Abstract
SARS-CoV-2 is a betacoronavirus virus responsible for the COVID-19 pandemic. Here, we determined the X-ray crystal structure of a potent neutralizing monoclonal antibody, CV30, isolated from a patient infected with SARS-CoV-2, in complex with the receptor binding domain (RBD). The structure reveals CV30’s epitope overlaps with the human ACE2 receptor binding site thus providing the structural basis for its neutralization by preventing ACE2 binding.
Main
COVID-19 was declared a pandemic in March 2020 by the World Health Organization1. As of June 11th, 2020, there were ∼ 7.4 M infections and over 415,000 deaths worldwide2. It is caused by a coronavirus of the beta family, named SARS-CoV-23, as it is closely related to SARS-CoV4. Their genomes share 80% identity and they utilize angiotensin-converting enzyme 2 (ACE2) as receptor for entry5-11. Viral entry depends on the SARS-CoV-2 spike glycoprotein, a class I fusion protein comprised of two subunits, S1 and S2. S1 mediates ACE2 binding through the receptor binding domain (RBD), while the S2 subunit mediates fusion. Overall the spike shares 76% amino acid sequence homology with SARS4. High resolutions structures of the SARS-CoV-2 stabilized spike in the prefusion revealed that the RBD can be seen in a ‘up’ or ‘down’ conformation5,6.It’s been shown that some of the neutralizing antibodies bind the RBD in the ‘up’ conformation similar to when the ACE2 receptor binds12. Currently there is no vaccine available to prevent SARS-CoV-2 infection and highly effective therapeutics have not been developed yet either. The host immune response to this new coronavirus is also not well understood. We, and others, sought to characterize the humoral immune response from infected COVID-19 patients12-14. Recently, we isolated a neutralizing antibody, named CV30, which binds the receptor binding domain (RBD), neutralizes with 0.03 μg/ml and competes binding with ACE215. However, the molecular mechanism by which CV30 blocked ACE2 binding was unknown.

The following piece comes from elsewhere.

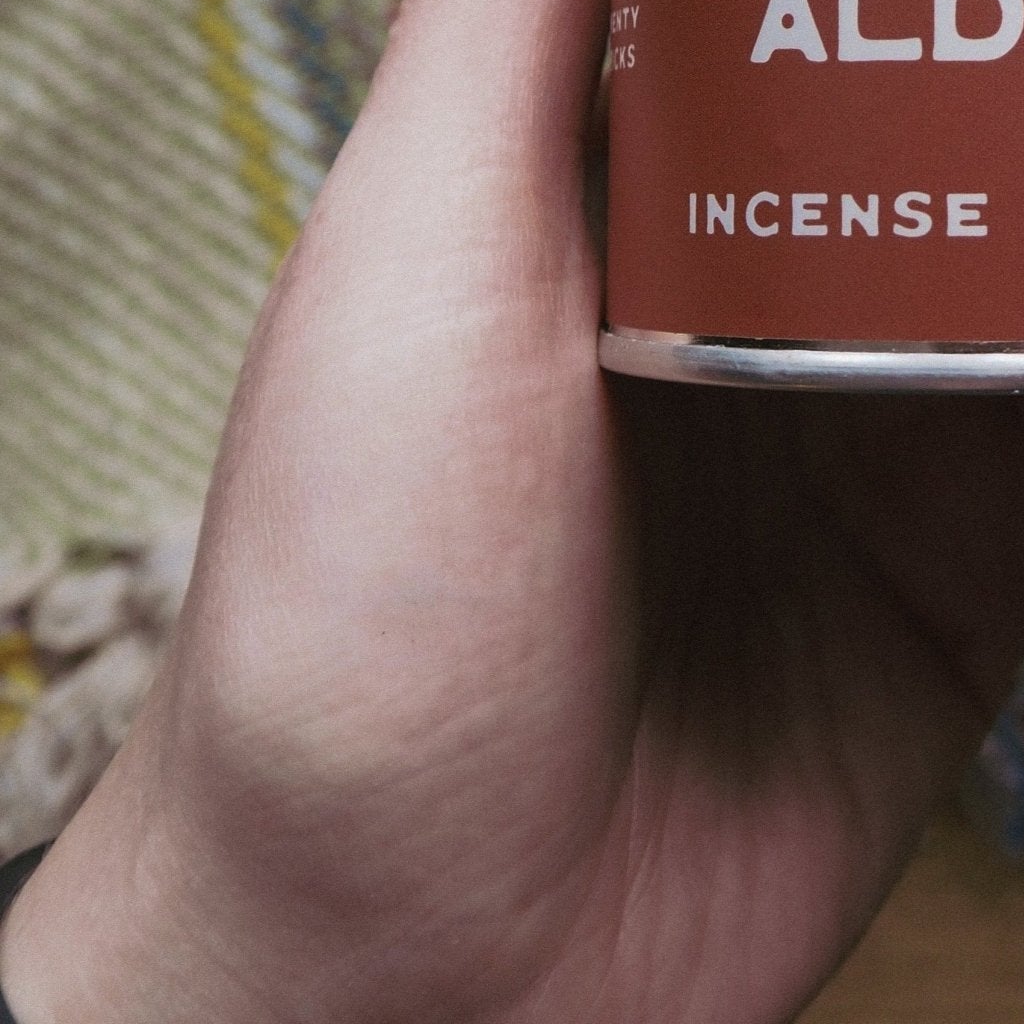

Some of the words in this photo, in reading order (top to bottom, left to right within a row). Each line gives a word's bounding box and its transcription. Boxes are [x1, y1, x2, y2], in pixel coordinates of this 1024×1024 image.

Herein, we present the 2.75 Å crystal structure of SARS-CoV-2 RBD in complex with the Fab of CV30 (Extended Data Table 1).

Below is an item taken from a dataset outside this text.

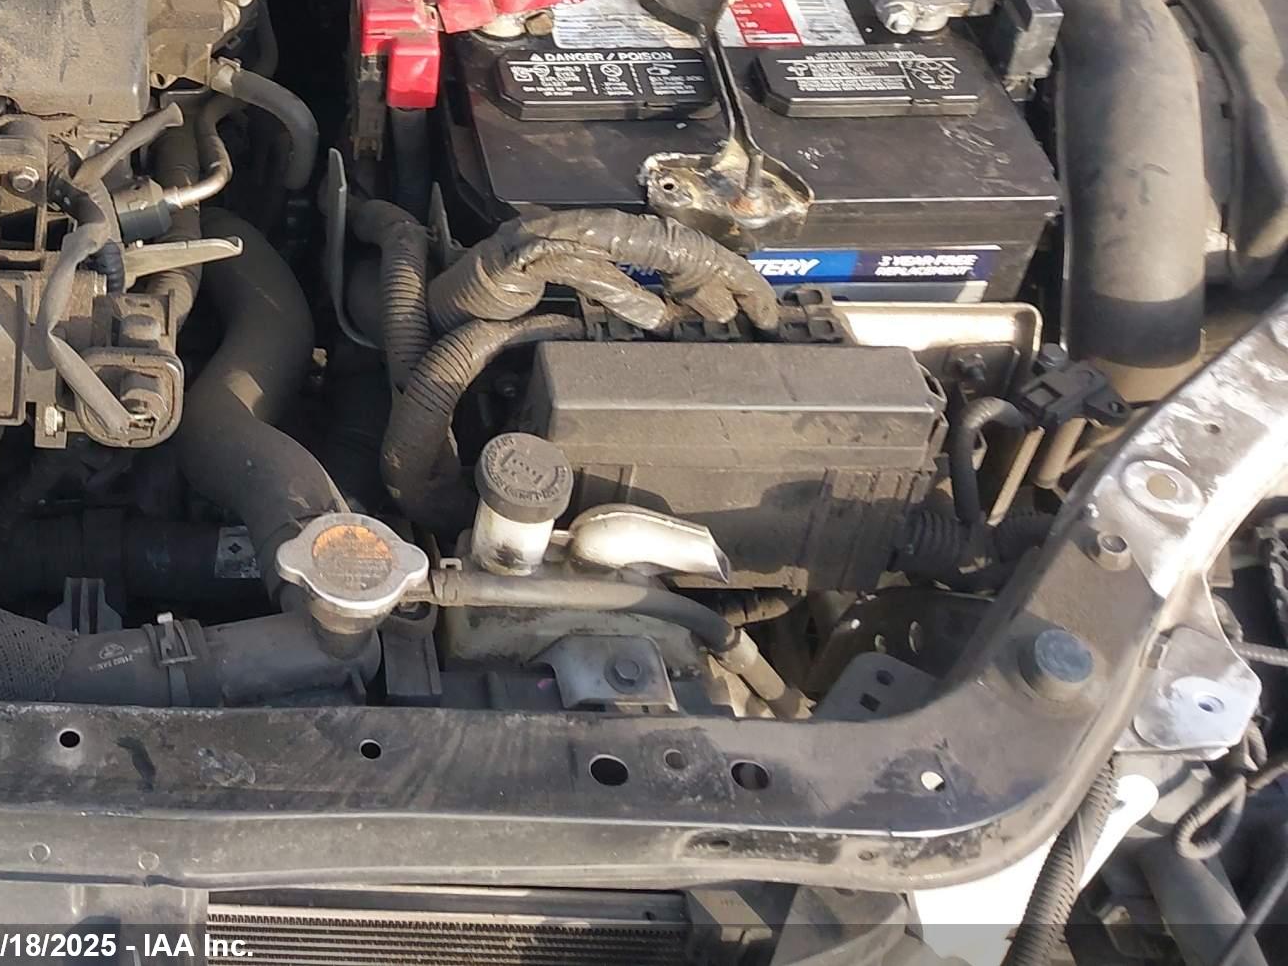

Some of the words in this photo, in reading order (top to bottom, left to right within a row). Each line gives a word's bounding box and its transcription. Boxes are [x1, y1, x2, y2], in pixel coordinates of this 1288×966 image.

CV30 binds almost exclusively to the concave ACE2 binding epitope (also known as the receptor binding motif (RBM)) of the RBD using all six CDR loops with a total buried surface area of ∼1004 Å2, ∼750 Å2 from the heavy chain and ∼254 Å2 from the kappa chain (Fig. 1A). 20 residues from heavy chains and 10 residues from the kappa chain interact with the RBD, forming 13 and 2 hydrogen bonds, respectively (Fig. 1C and Extended Data Table 2). There are 29 residues from the RBD that interact with CV30, 19 residues with the heavy chain, 7 residues with the light chain, and 3 residues with both (Extended Data Table 2). Of the 29 interacting residues from the SARS-CoV-2 RBD, only 16 are conserved in the SARS-CoV S protein RBD (Fig. 2c), which could explain the lack of cross-reactivity of CV30 to SARS-CoV S15. The CV30 heavy chain is minimally mutated with only a two-residue change from the germline and both of these residues (Val27-Ile28) are located in the CDRH1 and form nonpolar interactions with the RBD. We reverted these residues to germline to assess their role. Interestingly, the germline CV30 (glCV30) antibody bound to RBD with ∼100-fold lower affinity (407 nM affinity) (Fig 1d and Extended Data Table 3) compared to CV30 (3.6 nM15) with a very large difference in the off-rate. glCV30 neutralized SARS-CoV-2 with ∼500-fold difference with an IC50 of 16.5 vs 0.03 μg/mL for CV30 (Fig. 1e). Val27 forms a weak non-polar interaction with the RBD Asn487 and sits in a pocket formed by CDRH1 and 3. Although it is unclear, Phe27 presents in glCV30 could change the electrostatic environment. The Ile28 sidechain forms non-polar interactions with the RBD Gly476-Ser447, particularly the Cγ atom, which the glCV30 Thr would be incapable of making. Thus, minimal affinity maturation of CV30 significantly impacted the ability of this mAb to neutralize SARS-CoV-2.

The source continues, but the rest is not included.